** THE TASK **
Every line of the data should be written out exactly, with the pictures left out.

(Text-to-region grounding data)

=====

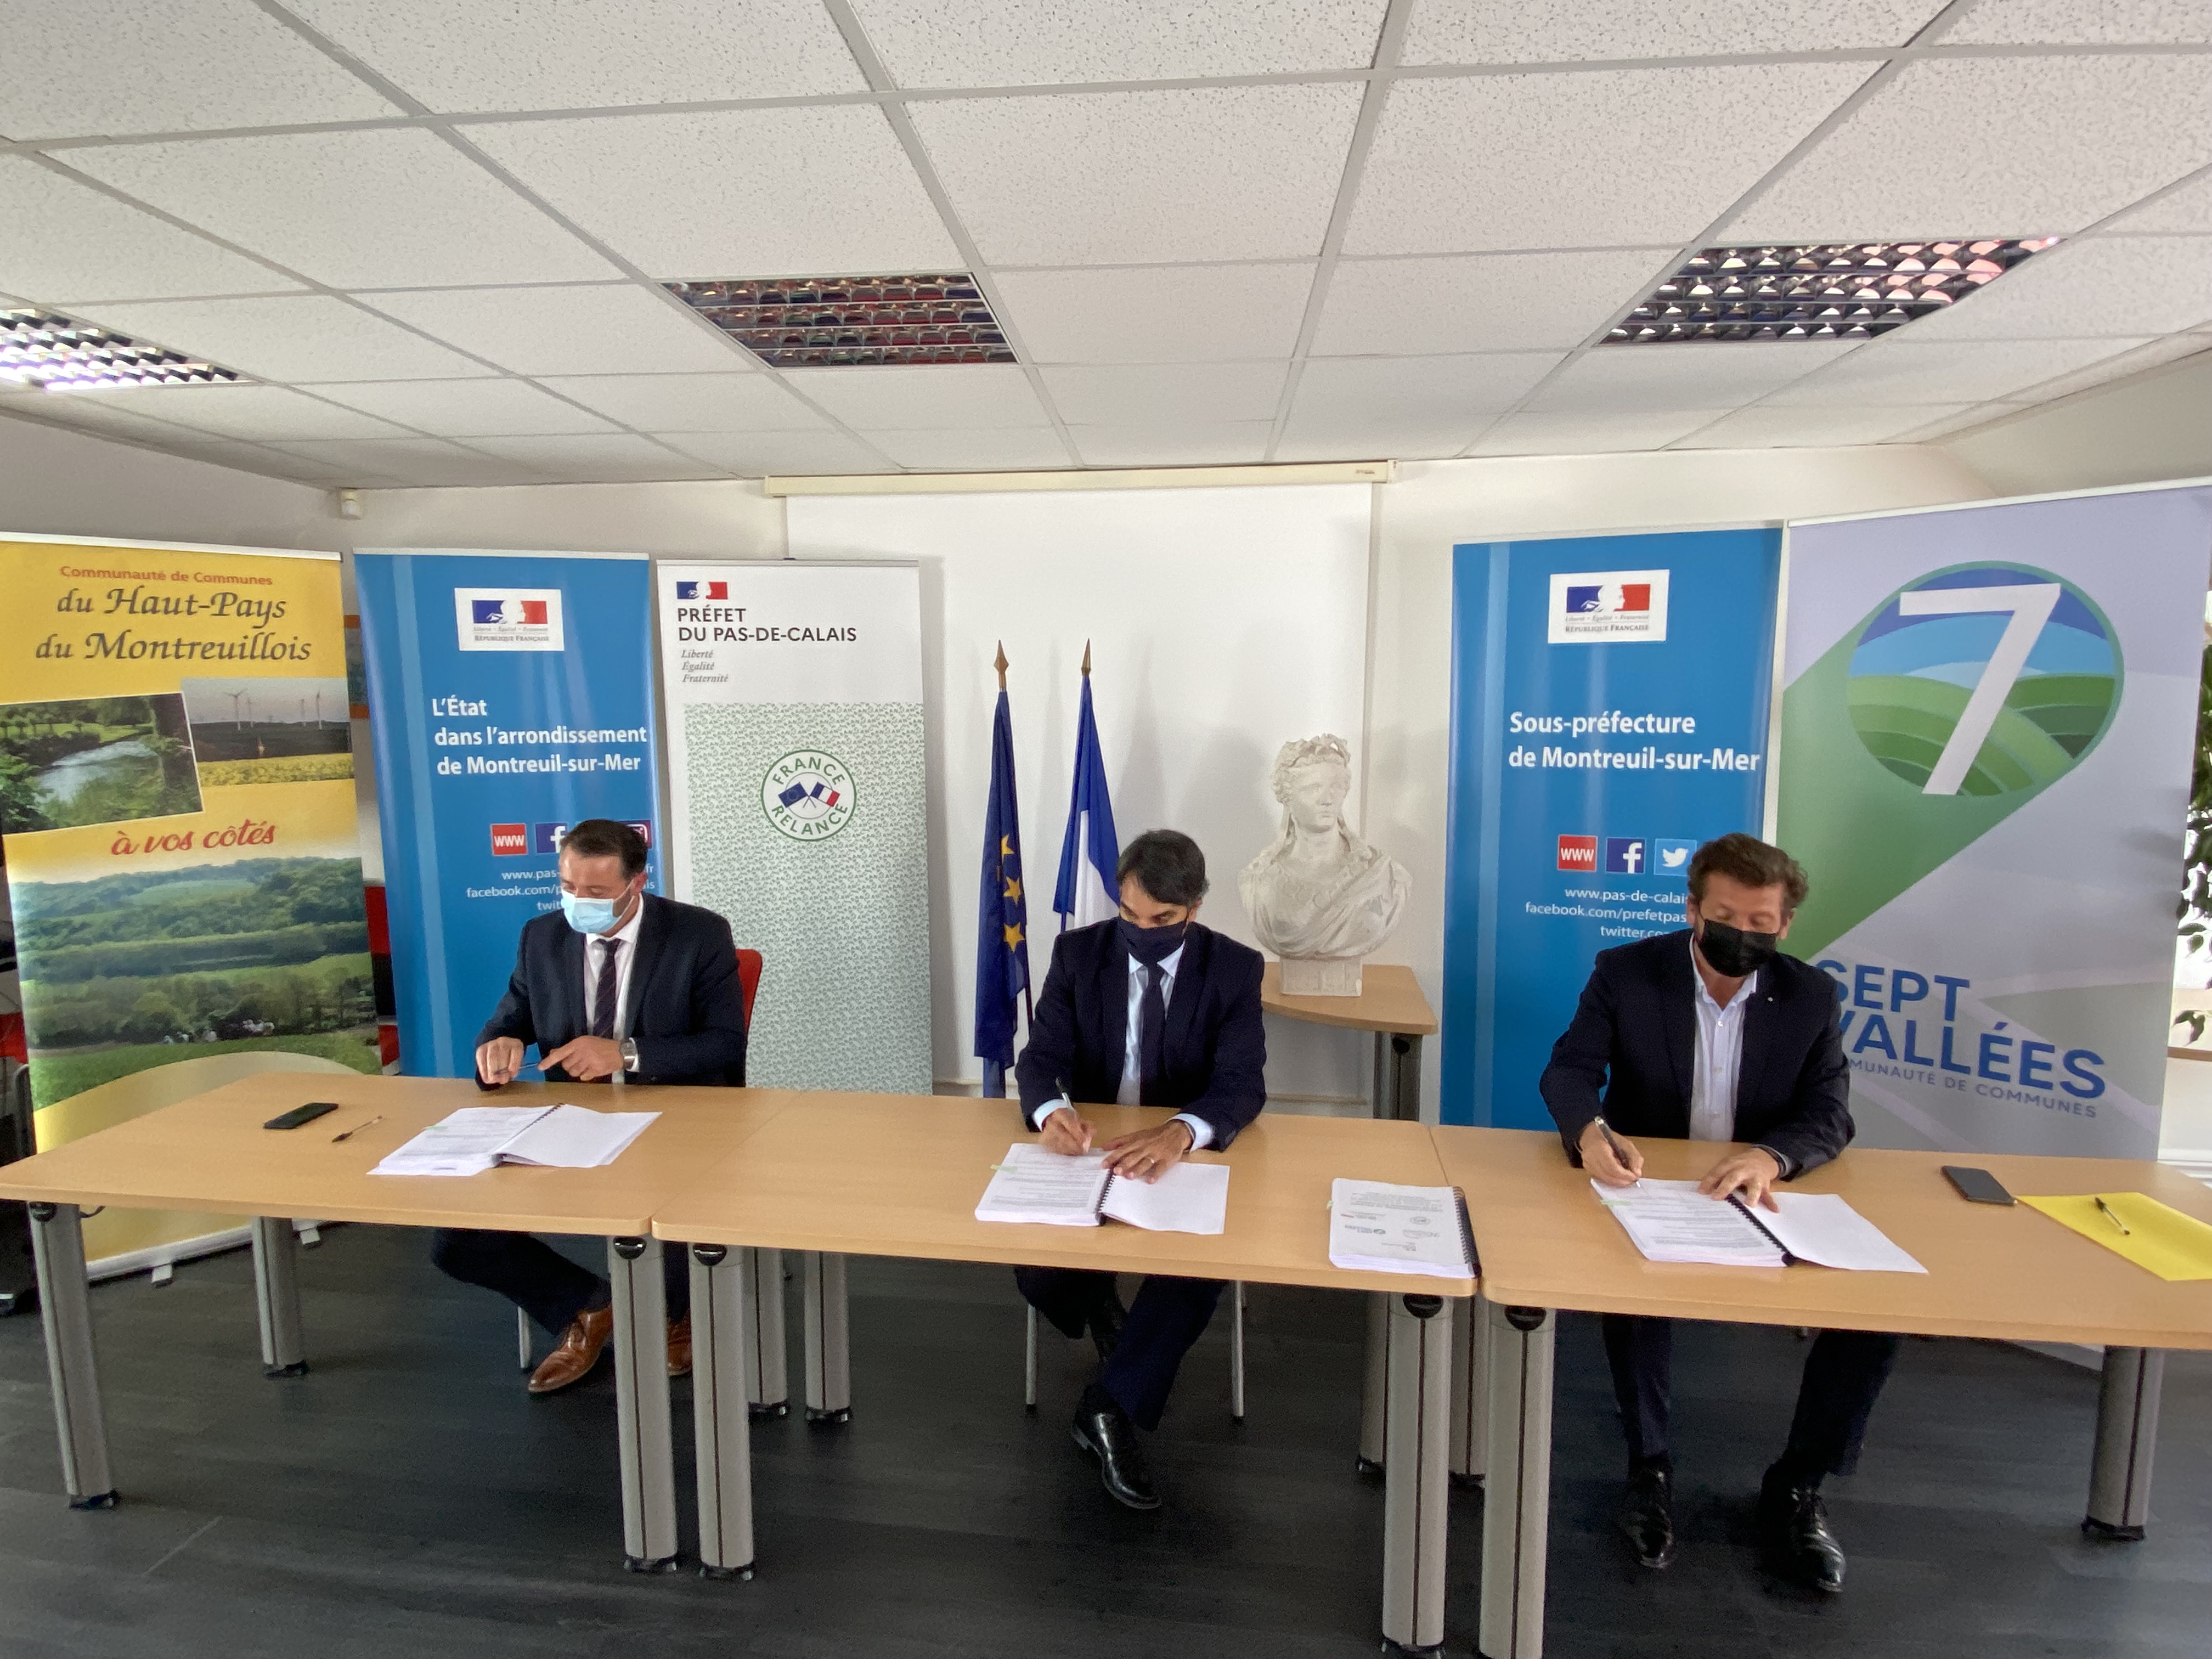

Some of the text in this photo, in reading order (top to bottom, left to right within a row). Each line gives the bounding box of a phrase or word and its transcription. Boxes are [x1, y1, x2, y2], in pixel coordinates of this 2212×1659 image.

[60, 566, 273, 585] Communauté de Communes
[58, 585, 287, 629] du Haut-Pays
[678, 605, 747, 622] PRÉFET
[36, 629, 312, 660] du Montreuillois
[679, 627, 857, 641] DU PAS-DE-CALAIS
[681, 649, 714, 658] Liberté
[681, 660, 715, 673] Égalité
[682, 674, 729, 683] Fraternité
[1899, 583, 2061, 795] 7
[432, 695, 488, 716] L'État
[1510, 710, 1695, 738] Sous-préfecture
[435, 725, 647, 746] dans l'arrondissement
[437, 753, 641, 775] de Montreuil-sur-Mer
[1509, 745, 1760, 771] de Montreuil-sur-Mer
[772, 757, 845, 785] FRANCE
[771, 803, 848, 835] RELANCE
[111, 819, 276, 855] à vos côtés
[467, 884, 561, 898] facebook.com/p
[1526, 902, 1686, 924] facebook.com/prefetpas
[1600, 926, 1669, 938] twitter.co
[1849, 1059, 2097, 1118] MUNAUTÉ DE COMMUNES

=====

** SOLUTION BELOW **
Some of the text in this photo, in reading order (top to bottom, left to right within a row). Each line gives the bounding box of a phrase or word and its transcription. Boxes are [x1, y1, x2, y2], in pixel coordinates of this 2212×1659 image.

[60, 566, 273, 585] Communauté de Communes
[58, 585, 287, 629] du Haut-Pays
[678, 605, 747, 622] PRÉFET
[36, 629, 312, 660] du Montreuillois
[679, 627, 857, 641] DU PAS-DE-CALAIS
[681, 649, 714, 658] Liberté
[681, 660, 715, 673] Égalité
[682, 674, 729, 683] Fraternité
[1899, 583, 2061, 795] 7
[432, 695, 488, 716] L'État
[1510, 710, 1695, 738] Sous-préfecture
[435, 725, 647, 746] dans l'arrondissement
[437, 753, 641, 775] de Montreuil-sur-Mer
[1509, 745, 1760, 771] de Montreuil-sur-Mer
[772, 757, 845, 785] FRANCE
[771, 803, 848, 835] RELANCE
[111, 819, 276, 855] à vos côtés
[467, 884, 561, 898] facebook.com/p
[1526, 902, 1686, 924] facebook.com/prefetpas
[1600, 926, 1669, 938] twitter.co
[1849, 1059, 2097, 1118] MUNAUTÉ DE COMMUNES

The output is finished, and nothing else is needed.